Mississippi Privilege

A companion piece to vintage
postcard greetings, she says hello
to the big river. A swelling

to the brim, this year’s crest still won’t surpass
her expectations—no spilling over downtown
banks. On her ridge

a mile west, she pays
better attention to new lakes
as they make appearances

at street corners. She knows a flood
is no mean fate. Sand bag
preparedness may suffice

here. Oceans away atrocity
continues to rise beyond
calculation and mashed-up time.

Rearrange This

No precious space, no
books framed to hang
on walls she would only want
to move at the moment
of willingness. That dandelion

tea she spilled on
printouts of online
articles about his song
without dance—not necessary.
An accident she could explain

away with a pilot light
that flickers out—after,
always after the water
boils. The dust of her breathing
skin gets in a little

each night
while she sleeps without fear.

Day 3,063

She cracks open a note
to see what’s inside.
Not that she would understand
the springs and pistons
responsible for a change

in key. Or the reflection
of a hidden spiral
stair in a window pane. A plate
of them—may as well be pomegranate
seeds or whole ginger.

She’s left to contemplate
a next step, forget
let it be.

The Other Inn

Mowrey’s Tavern, Cleveland House,
Dunham House, Forest City House, Hotel Cleveland,
Sheraton Cleveland, Stouffer’s Inn
on the Square,

Stouffer Tower City Plaza Hotel, Renaissance
Cleveland Hotel at Tower City
Center. Too many names spill
over her memory of Public Square, the Terminal

Tower when it was still terminal,
but nothing gives. She forgot
to take notes during the seduction.

Here it is—the reason
she built the Take No Heroes Hotel.

Sundialing

Thanks for reminding me how
to seduce mean
from time. I’m lost

inside the simple-eyed cricket
stare of my junk
watch. I want you

on an island next to mine.
We’d build a skyway
then blow it apart

each night in our sleep. I’d build
a dinghy, tuck oars inside
its belly, shove it your way,

get back to this. There would be
no meantime. But, no,
forever those flats, that child

unborn, naturally
washed out with the tide.

I no longer darken—I lighten
my own steps.

All the World’s a Cinquain

Hidden
in all that dross—
there’s you. My perfect poem—
perfect cadence, coincidence
condensed.

Art Therapy?

And now I cannot remember
the anecdote I offered
in a letter I wrote you
before we met. Cannot

recall the other reason
we do this make it up
to believe in something
true—other than just because

it’s what we do. I cannot
prove this rebuilds those crumbling
walls that used to protect us
from ourselves.
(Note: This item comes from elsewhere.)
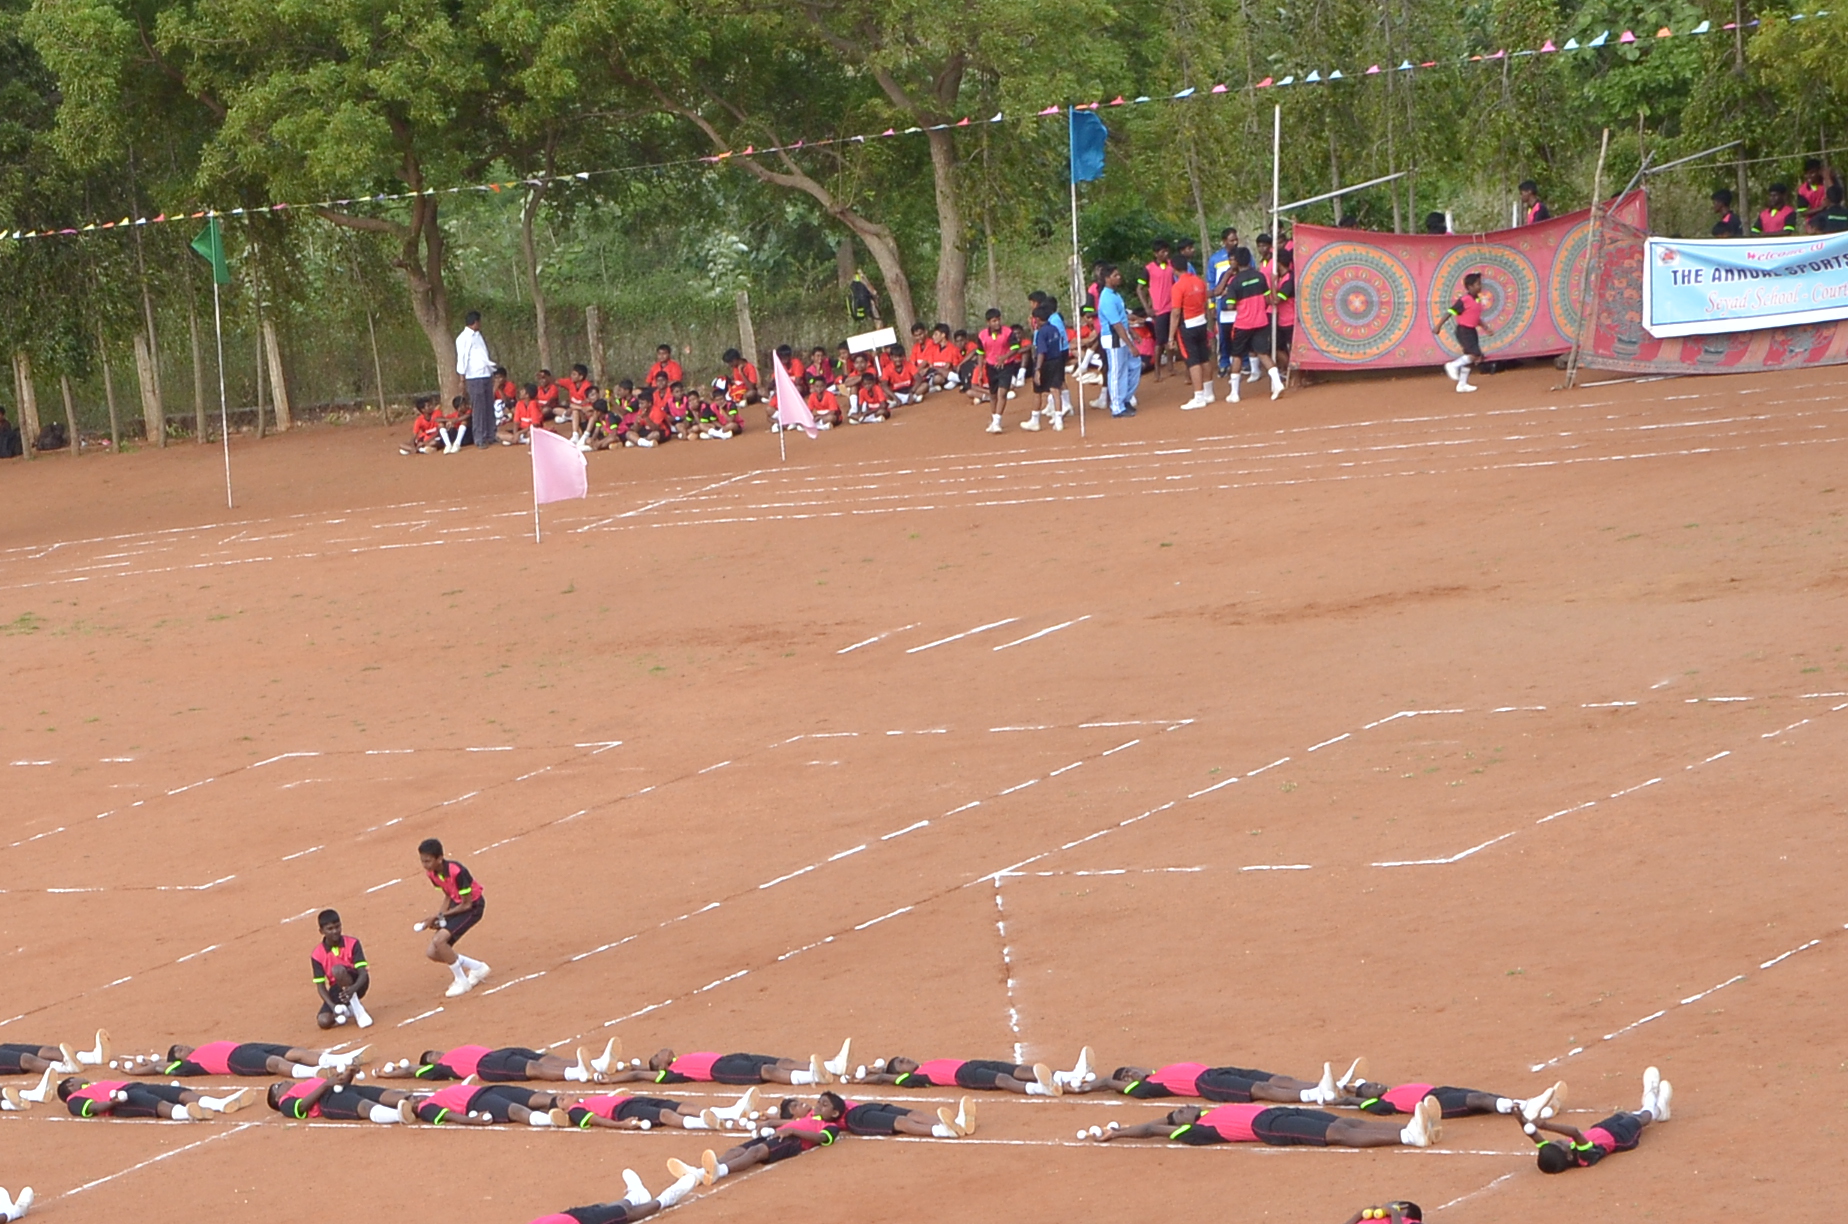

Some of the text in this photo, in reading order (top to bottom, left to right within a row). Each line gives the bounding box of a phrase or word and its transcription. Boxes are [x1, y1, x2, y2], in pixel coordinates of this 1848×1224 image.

[1671, 269, 1703, 286] THE
[1784, 253, 1848, 276] SPORTS
[1751, 284, 1802, 310] School
Some words,

some notes belong together
the way you and I never did.

Fell in Love then Met

Remember when
a nook was a nook, friend
and text were nouns. We were verbs

entwined without
unnecessary articles. I imagine you
the way I did before

we met—and the whole poem collapsed
under the weight of our naked
words. Truth is

what was stranger than
has been replaced with less than
a preoccupation

with middle-aged thighs. And I
recognize this contradicts everything

you presume. Probably. Vain
is still nothing
but a modifier. The end.

1991: A Poem

Dream. Premonition. Mortality
begins now. I give him an anecdote
in a letter—he’ll never receive
my gift. If equilibrium exists, where’s my

ecstasy? My sister and I watch boats go
up and down the terrifyingly calm

Cuyahoga. Aboard the floating
Heartbreak Hotel, it’s all so close—
the banks of the river, a rail bridge ahead, the crushing
of fantasies. But it doesn’t happen

that way. The world begins to tip in a slowed motion. Sights
and sounds expand beyond their original limits. I watch

from another planet as he walks up the aisle. A kiss,
a hand in hand. Shall I be so bold
as to ask you? He asks. We kiss
as if the elevator door would never open again. Lovely

feet and hands. Brown eyes that turn cloudy
green or bottomless black at will—not his. When

he makes love, he talks. He loves
those vocal chords. I retreat
to the lobby bathroom to check
if I’m still wearing

my own skin. Is it mine? Still? Indeed.
Gravity is overrated.

Fabled Current

I make these cutouts and teardowns
with my own hands. Rivers and rape
have no relationship

to me. I come for the winding
water story. The other is a dry,
desperate crack in a vase. The wrong kind of deliberate,

it exposes danger. Someone could attempt to play
god. It’s the sand martin I hope to hear
as it emerges from its tunnel. It’s the abundance

spilling through my fingers
I plan to offer. Who’s going to laugh at that?